3. Payment. Subject to Section 4, the amount payable to the Executive
under Section 1 shall be paid in cash according to the following schedule -
33-1/3% in July 2006, 33-1/3% in July 2007, and 33-1/3% in July 2008.
4. Termination of Employment.
(a) Except as provided in this Section, no amount shall be payable
under the Award if the Executive has a Termination of Employment before a
payment date under Section 3.
(b) If an Executive has a Termination of Employment due to death or
Disability during the Performance Period, that Executive shall become fully
vested in a Pro Rata Award (as defined in paragraph (d) below) and such amount
shall be paid in a cash lump sum as soon as administratively feasible after the
Termination of Employment. If an Executive has a Termination of Employment due
to death or Disability after the Performance Period but before payment of all
amounts under this Award, any remaining amounts payable under the Award shall
be paid in a cash lump sum as soon as administratively feasible.
(c) If an Executive has a Termination of Employment (other than due to
death or Disability) that entitles him or her to a "Pro Rata Annual Bonus"
under that Executive's Employment Agreement during the Performance Period, that
Executive shall become fully vested in a Pro Rata Award and such amount shall
be paid in a cash lump sum during the seventh month after the Termination of
Employment.
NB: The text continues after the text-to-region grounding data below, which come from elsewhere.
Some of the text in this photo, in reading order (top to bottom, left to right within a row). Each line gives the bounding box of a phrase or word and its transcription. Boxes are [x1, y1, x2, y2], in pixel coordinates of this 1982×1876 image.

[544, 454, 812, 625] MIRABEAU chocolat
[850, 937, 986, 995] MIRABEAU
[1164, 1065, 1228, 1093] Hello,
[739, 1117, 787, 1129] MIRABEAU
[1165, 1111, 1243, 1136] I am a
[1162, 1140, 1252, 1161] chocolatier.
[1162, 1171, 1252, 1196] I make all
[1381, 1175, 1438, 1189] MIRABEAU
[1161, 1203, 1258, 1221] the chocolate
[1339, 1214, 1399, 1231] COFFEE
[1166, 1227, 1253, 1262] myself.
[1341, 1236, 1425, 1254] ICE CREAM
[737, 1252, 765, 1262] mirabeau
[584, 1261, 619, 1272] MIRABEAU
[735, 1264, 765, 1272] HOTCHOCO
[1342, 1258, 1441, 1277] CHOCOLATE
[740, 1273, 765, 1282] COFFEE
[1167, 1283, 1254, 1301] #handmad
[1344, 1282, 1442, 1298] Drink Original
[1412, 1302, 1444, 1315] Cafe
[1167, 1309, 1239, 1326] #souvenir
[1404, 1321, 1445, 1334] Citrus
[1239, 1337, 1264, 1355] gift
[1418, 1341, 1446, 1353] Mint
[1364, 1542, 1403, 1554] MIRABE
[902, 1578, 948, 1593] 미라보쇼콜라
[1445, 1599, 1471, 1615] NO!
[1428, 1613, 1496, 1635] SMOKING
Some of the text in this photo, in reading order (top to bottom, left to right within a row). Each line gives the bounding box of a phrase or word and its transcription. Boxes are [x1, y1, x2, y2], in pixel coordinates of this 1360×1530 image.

If an Executive has a Termination of Employment (other than due to
death or Disability) that entitles him or her to a Pro Rata Annual Bonus under
that Executive's Employment Agreement after the Performance Period but before
payment of all amounts under this Award, any remaining amounts payable under
the Award shall be paid in a cash lump sum during the seventh month after the
Termination of Employment.
(d) For purposes of this Section 4, "Pro Rata Award" shall mean the
product of the target Award amount multiplied by a fraction - the numerator of
which is the number of months the Executive worked for the Company and its
Subsidiaries during the Performance Period and the denominator of which is the
total number of months during the Performance Period.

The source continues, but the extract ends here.